437. This review of some of the problems involved in establishing a comprehensive medical service makes clear that no final detailed proposals, even as to the financial basis of this service, can be submitted in this Report. It suggests the need for a further immediate investigation, in which the finance and the  organisation of medical services can be  considered   together,  in consultation with the professions concerned and with the public and voluntary organisations which have established hospitals and other institutions.   From the standpoint of social security, a health service providing full preventive and curative treatment of every kind to every citizen without exceptions, without remuneration limit and without an economic barrier at any point to delay recourse to it, is the ideal plan.   It is proposed accordingly that, in the con­tributions suggested as part of the Plan for Social Security, there shall be included a payment in virtue of which every citizen will be able to obtain whatever treatment his case requires, at home or in an institution, medical, dental or subsidiary, without a treatment charge.    It is proposed that the sums derived from these payments shall be transferred to the Department or Departments concerned with the organisation of the health service to meet part—it can only be part—of the total cost.    But these proposals are pro­visional only subject to review, in the light of the further enquiry suggested, in which organisation and finance can be dealt with together.    The primary interest of the Ministry of Social Security is not in the details of the national health service or in its financial arrangements. It is in finding a health service which will diminish disease by prevention and cure, and will ensure the careful certification needed to control payment of benefit at the rates proposed in this Report.

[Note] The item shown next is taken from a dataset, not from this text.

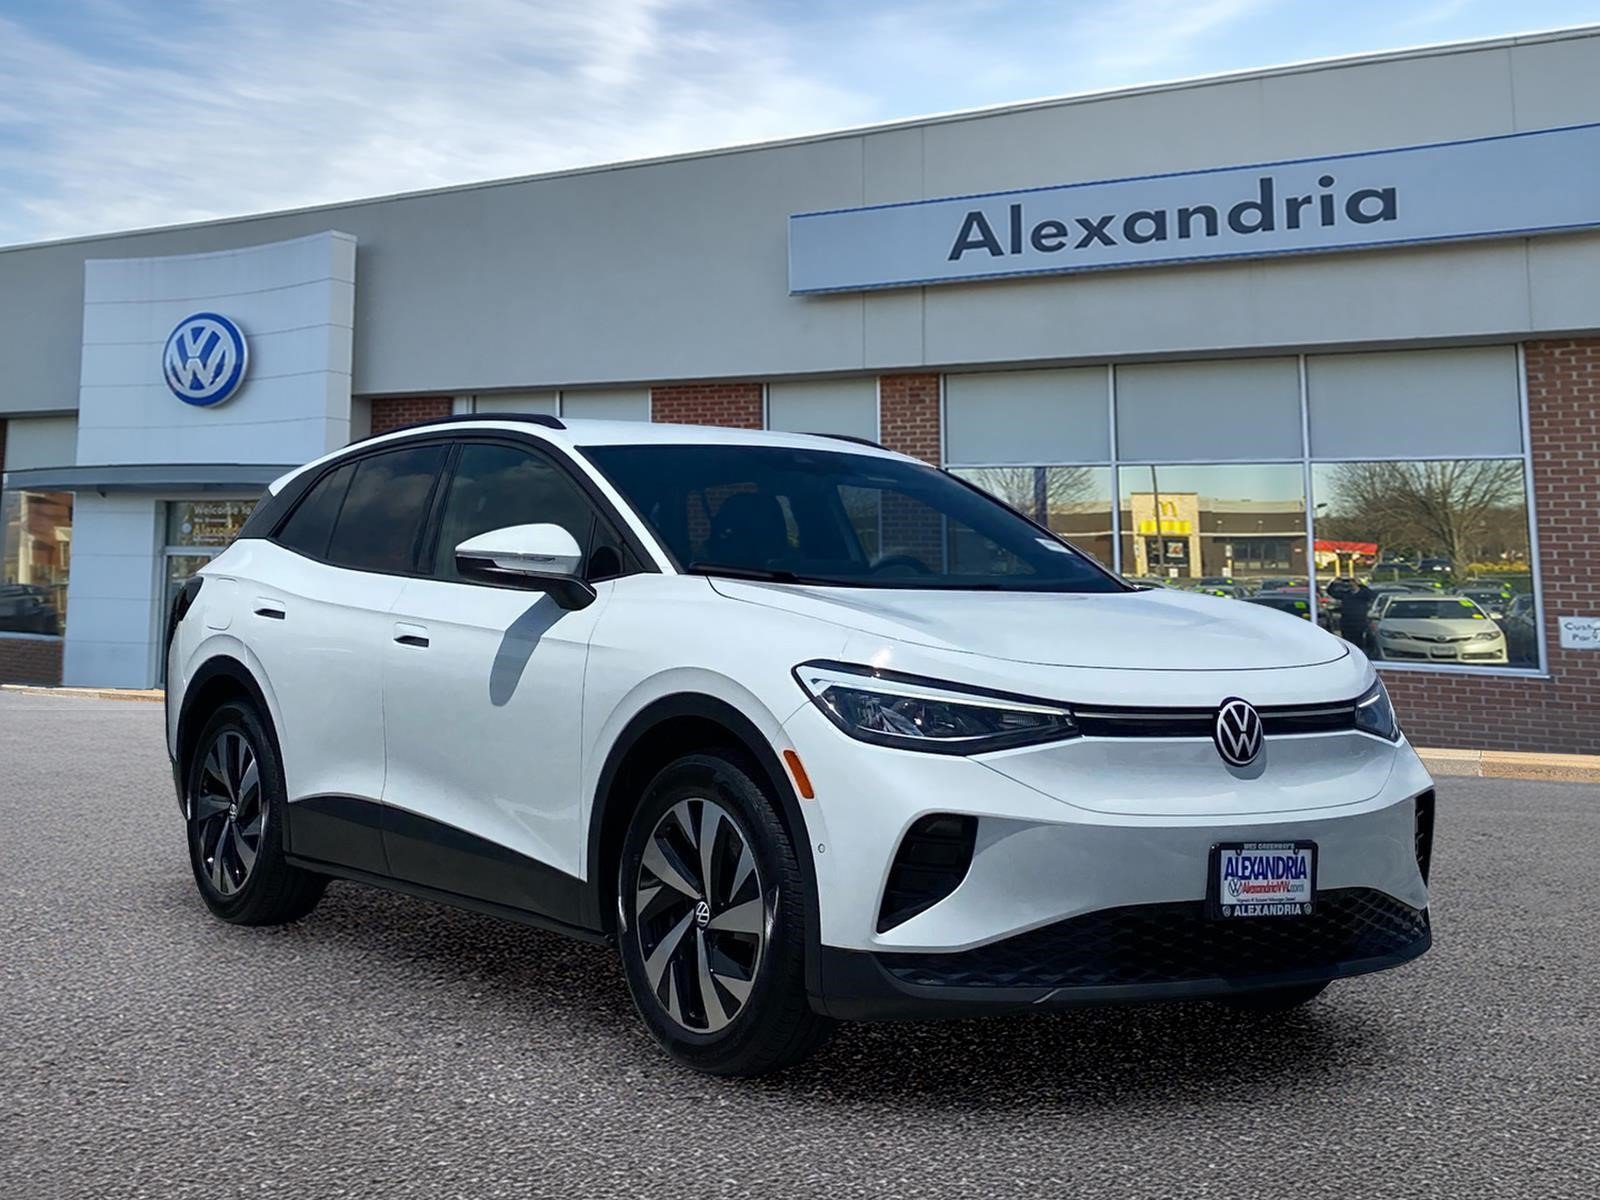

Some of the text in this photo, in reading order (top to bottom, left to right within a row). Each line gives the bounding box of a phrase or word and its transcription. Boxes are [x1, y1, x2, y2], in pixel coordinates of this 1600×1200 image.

438 Assumption B covers not only medical treatment in all its forms, but also post-medical rehabilitation. In regard to the latter, as in regard to-the former, it would be inappropriate here to discuss details of organisation. During the preparation of this Report, the practical problems of rehabilitation have been under consideration by the Departments concerned and it is hoped that practical measures will follow. Rehabilitation is a continuous process by which disabled persons should be transferred from the state of being incapable under full medical care to the state of being producers and earners. This process requires close co-operation between the health departments and the department concerned with employment, that is to say, the Ministry of Labour and National Service. Whether this co-operation can be secured best by the setting up of an executive organ representative of both sides or by allocation of specific duties to each department, is a problem of departmental organisation on which it would be inappropriate here to express an opinion. It is sufficient to put forward three general propositions:—

(a) that rehabilitation must be continued from the medical through the post-medical stage till the maximum of earning capacity is restored and that a service for this purpose should be available for all disabled persons who can proiit by it irrespective of the cause of their disability.

(b)    That cash allowances to persons receiving rehabilitation service should be the same as training benefit, including removal and lodging allowances where required.

(c)     That the contributions paid by insured persons should, as in the case of medical treatment, qualify them for rehabilitation service without further payment.

439.    It will be consistent with the proposals made here to include part of the cost of post-medical rehabilitation of men injured in scheduled hazardous industries in the industrial levy of these industries, that is to say, to add a contribution towards the cost of this service to the amount of the levy (see paras. 279 (iii) and 360).